Referring expression grounding data

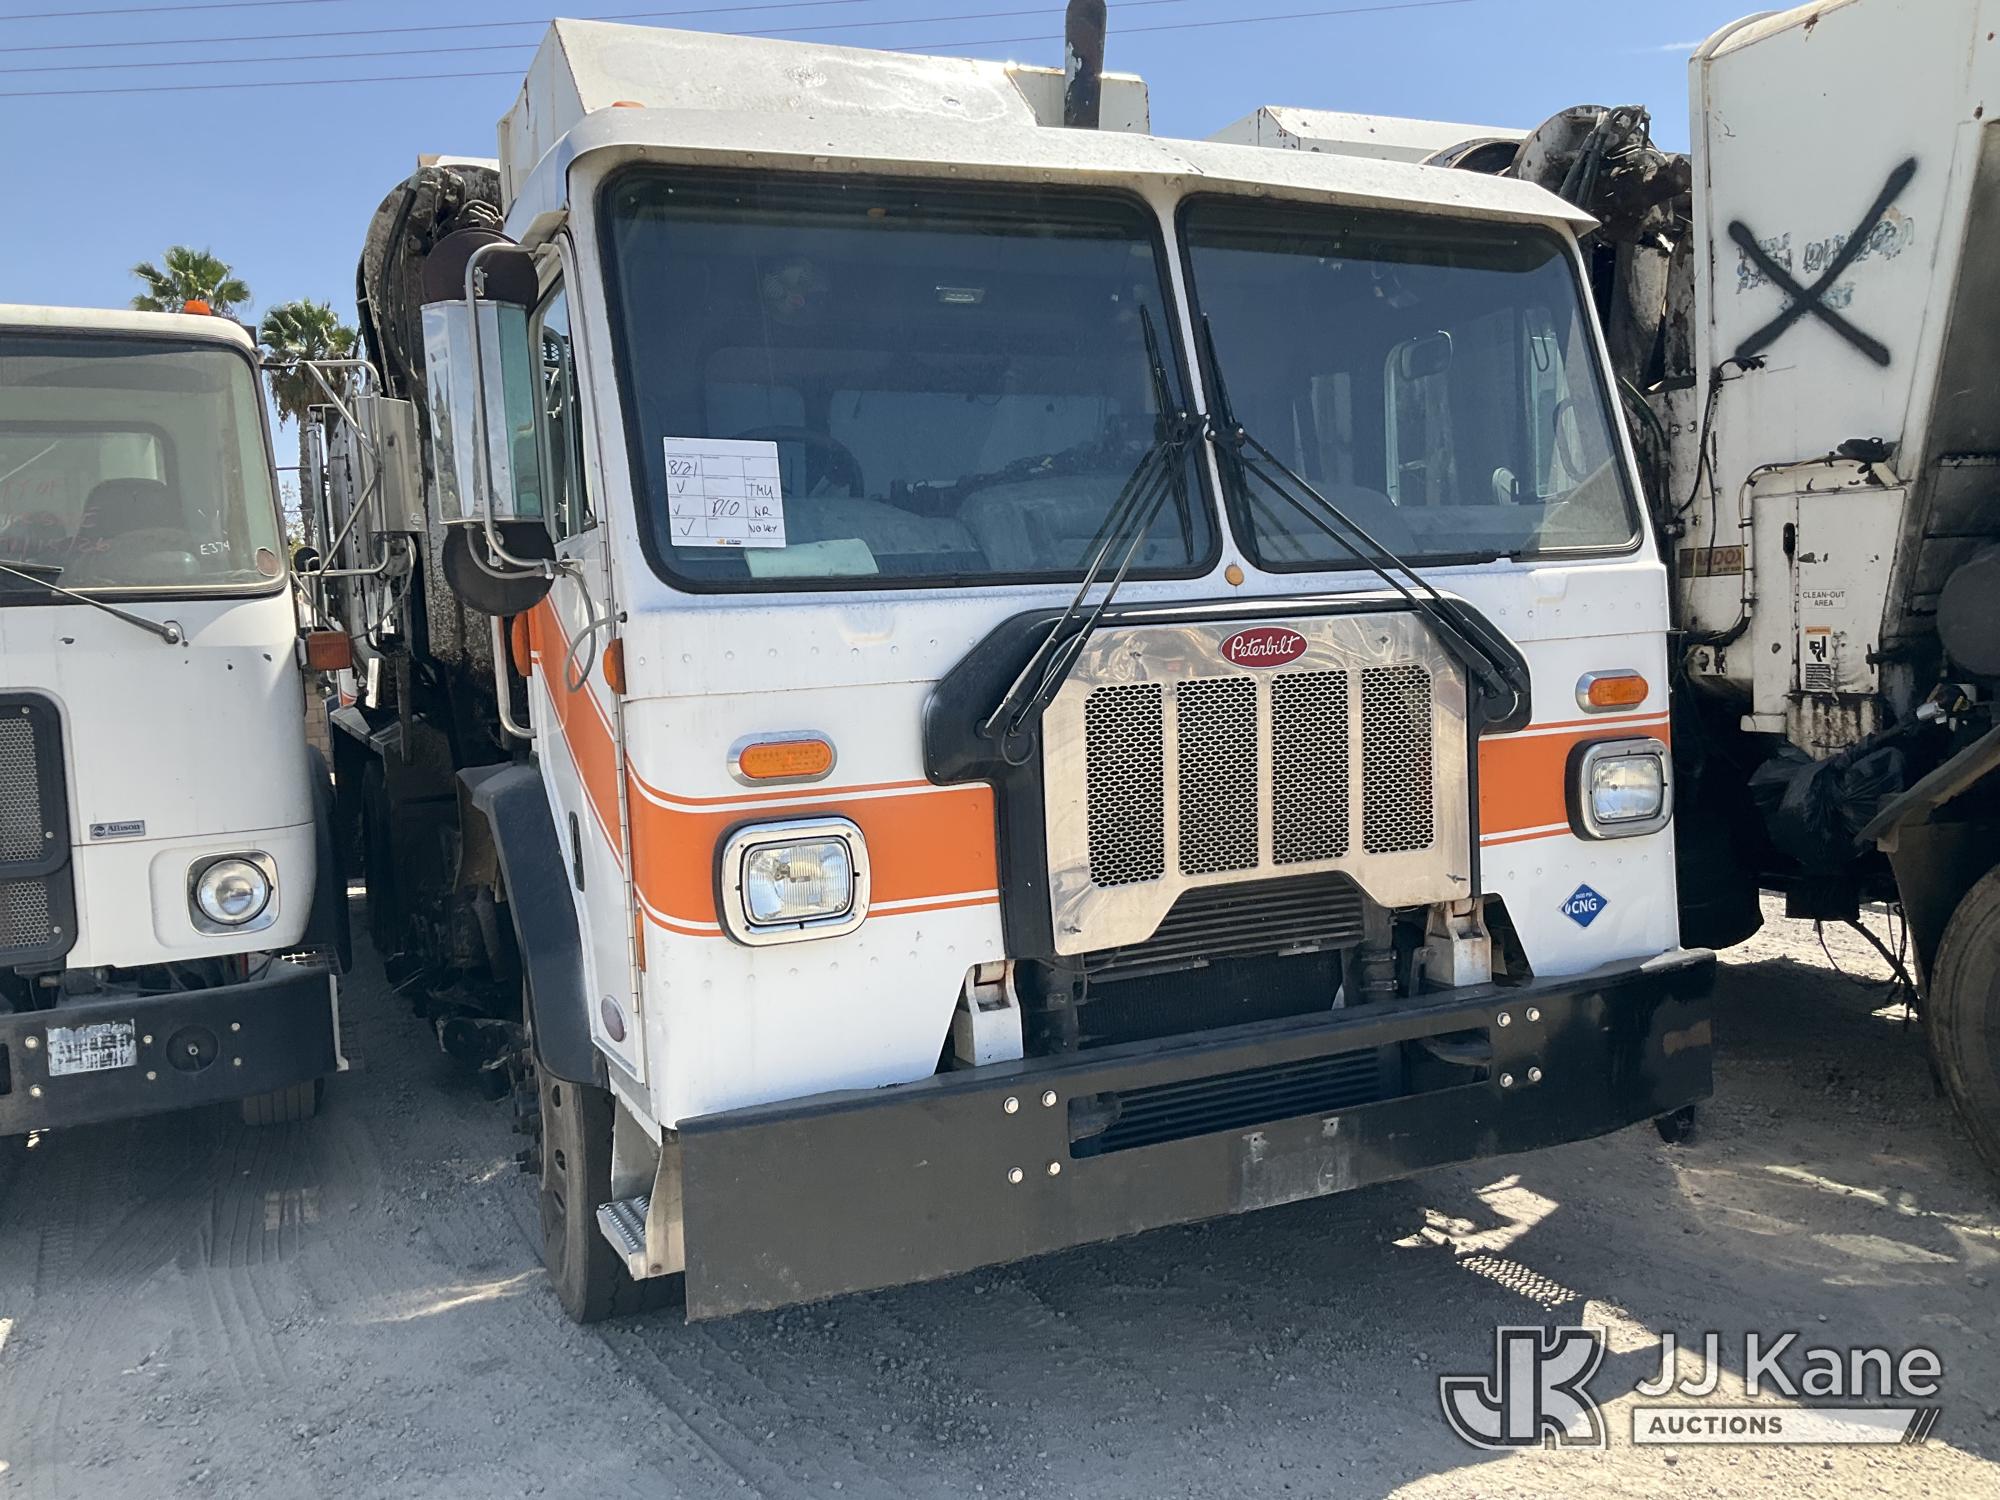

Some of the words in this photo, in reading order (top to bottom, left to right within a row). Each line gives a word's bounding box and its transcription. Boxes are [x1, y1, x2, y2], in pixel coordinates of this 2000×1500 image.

[200, 540, 231, 555] E374
[1802, 591, 1845, 599] CLEAN-OUT
[1231, 635, 1301, 660] Peterbilt
[108, 824, 141, 832] Allison
[1572, 898, 1597, 914] CNG
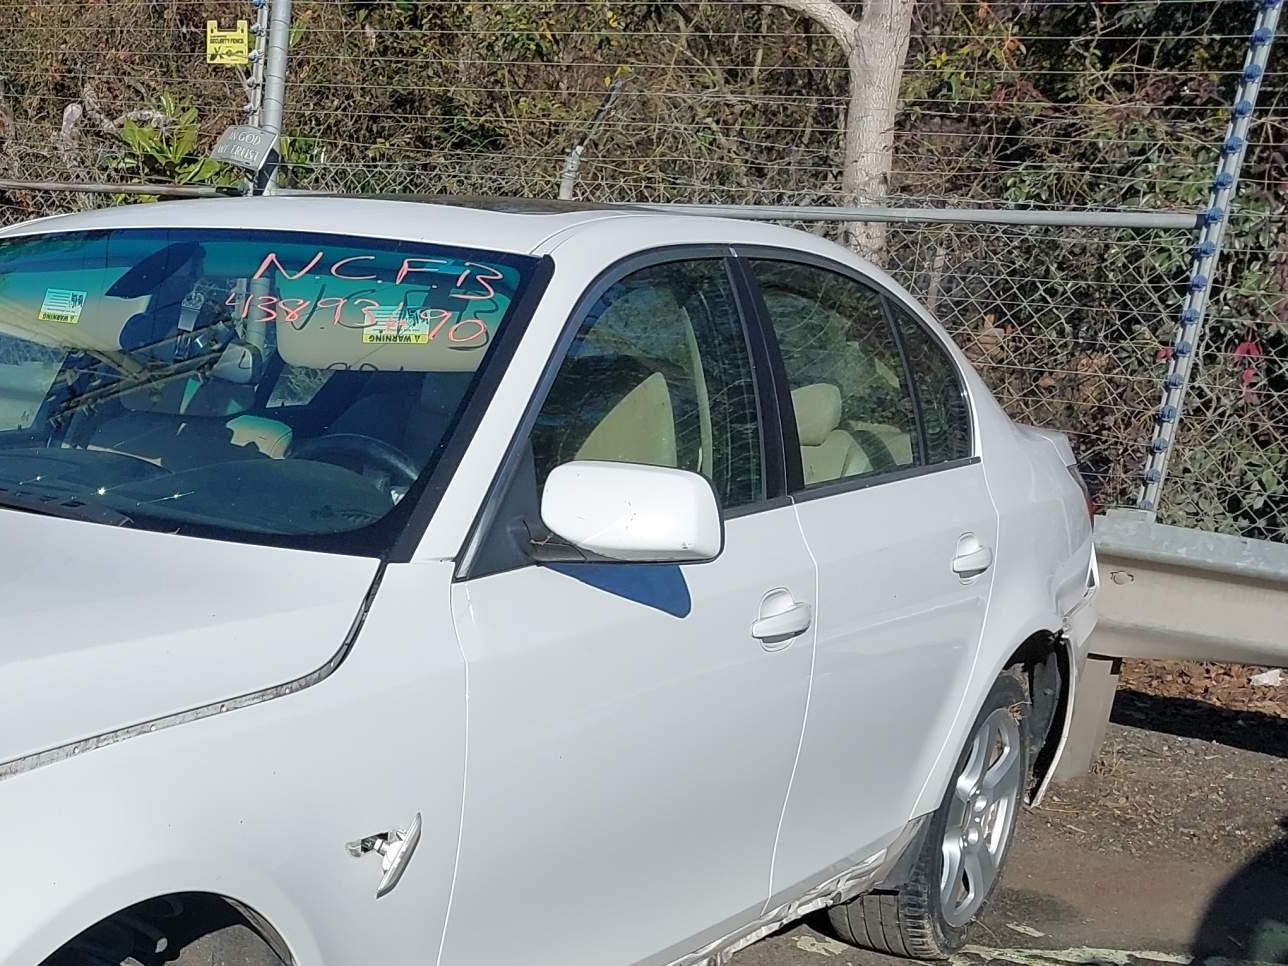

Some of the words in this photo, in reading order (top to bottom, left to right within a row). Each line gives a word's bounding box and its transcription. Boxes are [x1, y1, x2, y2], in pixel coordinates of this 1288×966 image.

* _Work item_
Write the records out again verbatim and omit the pictures they contain.

* _Reply to the exercise_
Some of the words in this photo, in reading order (top to bottom, left to right within a row). Each line gives a word's bounding box and its transcription. Boxes are [x1, y1, x2, y2], in pixel coordinates of this 2000×1500 image.

[200, 540, 231, 555] E374
[1802, 591, 1845, 599] CLEAN-OUT
[1231, 635, 1301, 660] Peterbilt
[108, 824, 141, 832] Allison
[1572, 898, 1597, 914] CNG

Some of the words in this photo, in reading order (top to bottom, left to right within a row). Each line gives a word's bounding box and its transcription. Boxes are [x1, y1, x2, y2], in pixel coordinates of this 1288×966 image.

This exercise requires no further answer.